I fly over La Paz, the Baja's largest city. The Pacific ocean is clearly visible 30 miles farther west. I fly toward it. Below me, scattered parcels of land are cultivated, green and flat. The plane and I fairly skip along knowing the land below us is friendly and open.
We reach the Pacific shoreline. Banking left I head south towards Cabo San Lucas, the very tip of Baja California. Flying over broad, white beaches for fifty miles, I do not see a single person.
And then we are there. The rock arch that marks the end of the 800-mile-long peninsula is just ahead. I drop the plane down to 1,000 feet. A cruise ship lies at anchor in the bay. Motorboats pull skiers suspended under parachutes while sailboats cut white wakes heading out into open ocean. I wonder if the tourists below me are as surprised to see this old plane circling above them as I am to see this miniature Acapulco below me.
I circle the harbor twice and land at a small strip north of the city. There is nothing at the airport except a tiny adobe building. Above it swings a blown-out windsock. I think briefly about taking off and flying thirty miles to the new international airport that now serves the city, but decide to stay.
The building is empty, no furniture, not even a telephone. A dusty road leads into town through the desert. I start the four-mile walk. Soon a rancher stops and offers me a ride in his antique pick-up truck.
Four hours later, I am walking through the small town looking for a quiet place to have dinner. I am tired from the day's flying. I find a small cafe and sit down at one of the outside tables along the street.
I start to study the menu when a waiter comes over. Would I mind if two ladies join me? An unexpected question. Well, of course not. Maybe they would like to hear a few of my flying stories.
They are from Los Angeles, mid-thirties. They arrived yesterday and expect to stay three or four days. I get the impression they are on a flexible schedule. The tall one with short blond hair tells me that she lived in Mexico City as a singer for five years but today is back in the States and is a holistic masseuse. I am wondering what that is when her darker companion introduces herself.

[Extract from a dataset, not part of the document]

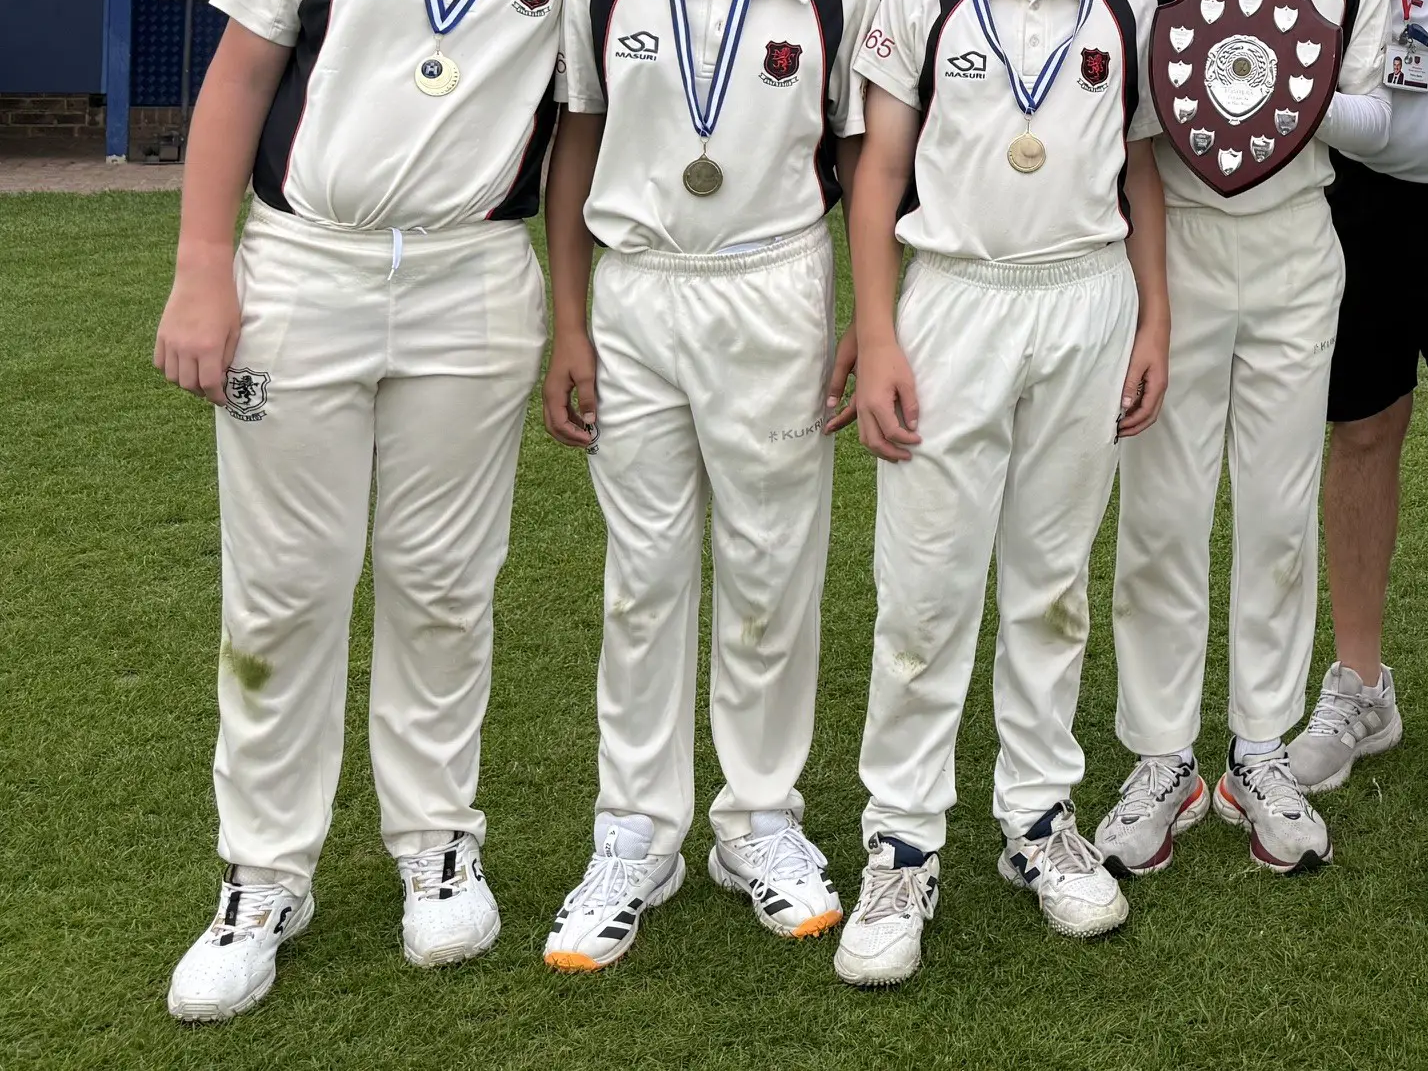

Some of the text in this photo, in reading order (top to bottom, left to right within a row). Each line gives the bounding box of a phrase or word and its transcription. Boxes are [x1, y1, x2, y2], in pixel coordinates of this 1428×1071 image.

[864, 29, 896, 59] 65
[615, 51, 657, 61] MASURI
[944, 71, 986, 80] MASURI
[781, 417, 824, 441] KUKRI

"So, where's your wife?" she asks, seeing my wedding ring. The woman is a master of small talk.
Being too slow to respond with anything clever, I simply say, "Well, I'm down here by myself. I just flew down from Boston and my wife doesn't care much for flying and stayed home." I must sound like an idiot.
"You mean your wife's in Boston and you flew down here by yourself?" She's not doing much better. "Yes, that's right," I reply, beginning to consider the unexpected moral dilemma that seems to be developing.

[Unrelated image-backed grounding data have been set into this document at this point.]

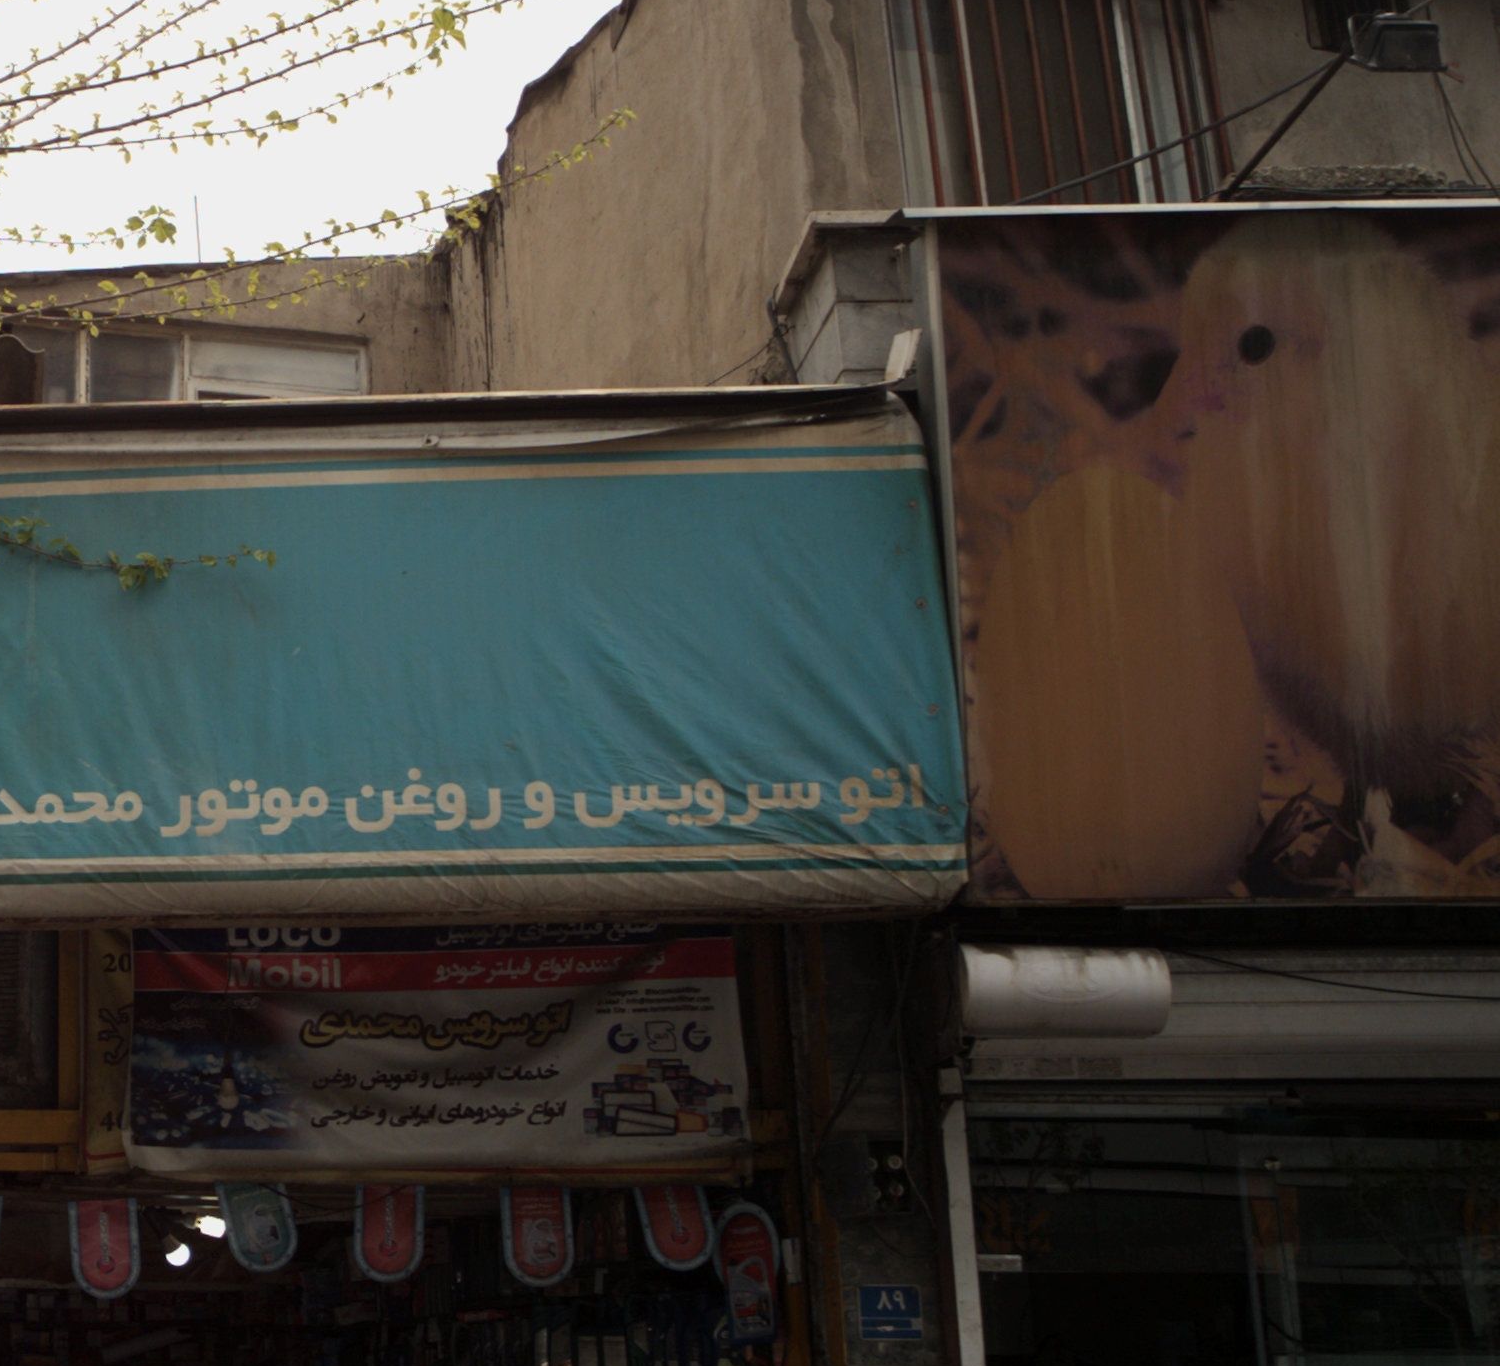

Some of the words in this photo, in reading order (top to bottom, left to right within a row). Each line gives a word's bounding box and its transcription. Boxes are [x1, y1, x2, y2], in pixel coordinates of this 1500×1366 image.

[159, 778, 329, 838] موتور
[344, 767, 500, 833] روغن
[523, 780, 555, 829] و
[574, 778, 822, 828] سرویس
[226, 957, 341, 989] Mobil
[433, 960, 486, 984] خودرو
[484, 955, 532, 984] فیلتر
[533, 956, 574, 983] انواع
[299, 1009, 424, 1048] محمدی
[423, 1009, 530, 1051] سرویس
[312, 1068, 357, 1089] روغن
[360, 1069, 418, 1090] تعویض
[420, 1071, 430, 1088] و
[497, 1064, 560, 1082] خدمات
[311, 1104, 375, 1127] خارجی
[377, 1108, 386, 1125] و
[390, 1104, 437, 1127] ایرانی
[438, 1102, 525, 1125] خودروهای
[527, 1100, 567, 1125] انواع
[876, 1289, 907, 1311] ۸۹

Two Mexican men in their mid-twenties come up to the table. The blond seems to know one of them. They introduce themselves. During the day, they drive one of the motorboats that pulls parasailers around the bay. They buy the table a round of margaritas.

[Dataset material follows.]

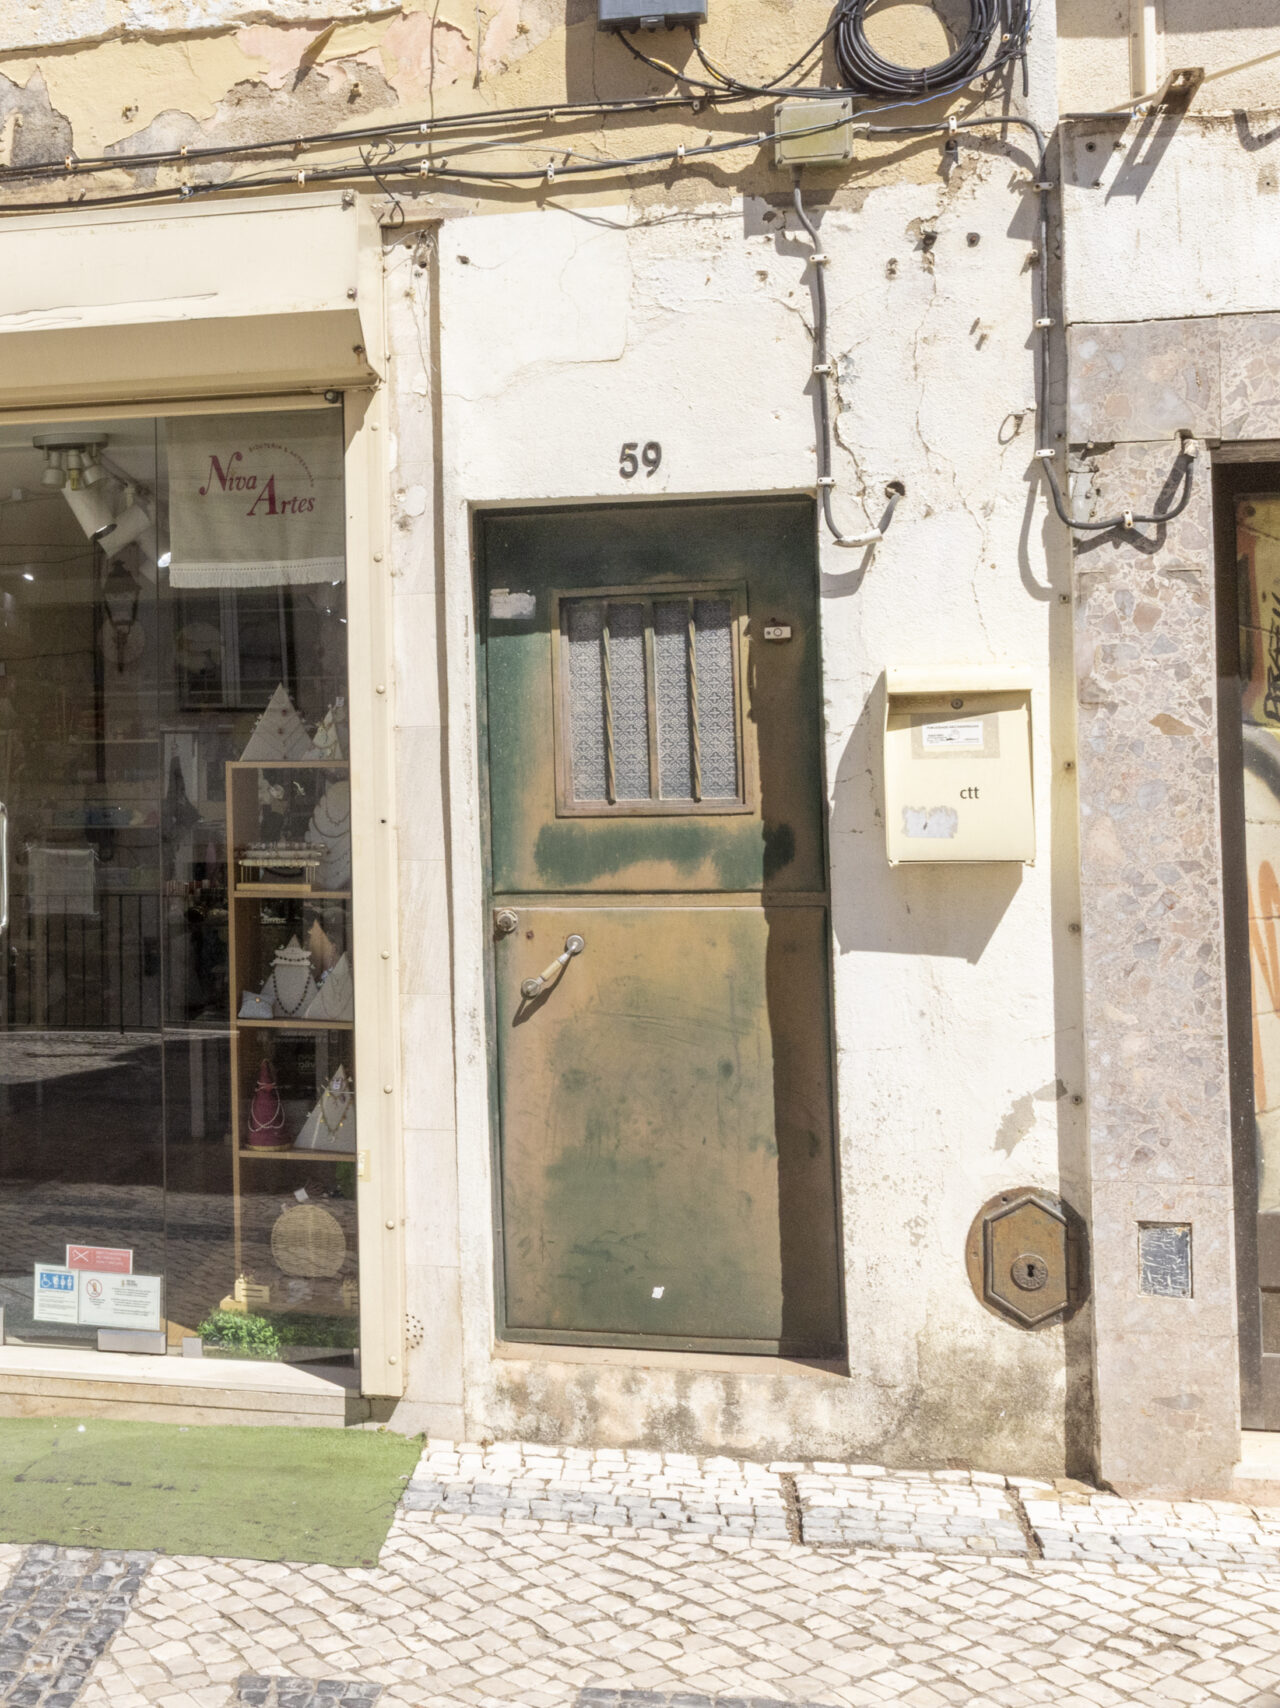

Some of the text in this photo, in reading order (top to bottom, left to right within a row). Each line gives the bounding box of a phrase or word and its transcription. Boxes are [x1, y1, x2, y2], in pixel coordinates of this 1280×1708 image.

[198, 451, 258, 496] Niva
[619, 441, 662, 479] 59
[246, 473, 316, 516] Artes
[959, 786, 980, 800] ctt

The small band begins the next number. One of the men takes the blond's arm and escorts her to the dance floor without bothering to ask her to dance. The other smiles at the darker girl and she is up and walking to the dance floor with him.
They say Cabo San Lucas is a great town if you are looking for action. But you have to move quickly.
Two days later, driving to the airport in a taxi, I worry about my plane. It was foolish to leave it at that isolated strip. Seeing the poverty driving out of town away from the resort areas, it seems almost inevitable that my solitary plane will have been robbed.
Approaching the plane, I see that indeed something is wrong. The door handle is broken off. Opening the plane's door, I see the broken handle has been carefully placed on the plane's floor. It apparently had fallen into the dirt when broken. The intruder must have picked it up and put it into the plane, perhaps assuming I could repair it.
Inside, the interior is much like I left it, except certain items are gone - my survival kit, four gallons of water, jacket, flashlight, tool kit, sleeping bag, calculator. My maps and log books are untouched. The intruder took only what would be useful; otherwise, the plane is intact.
I take off from the small airstrip. The compass swings to the northeast as I turn homeward thinking about the man who picked the broken handle out of the dirt for me to find.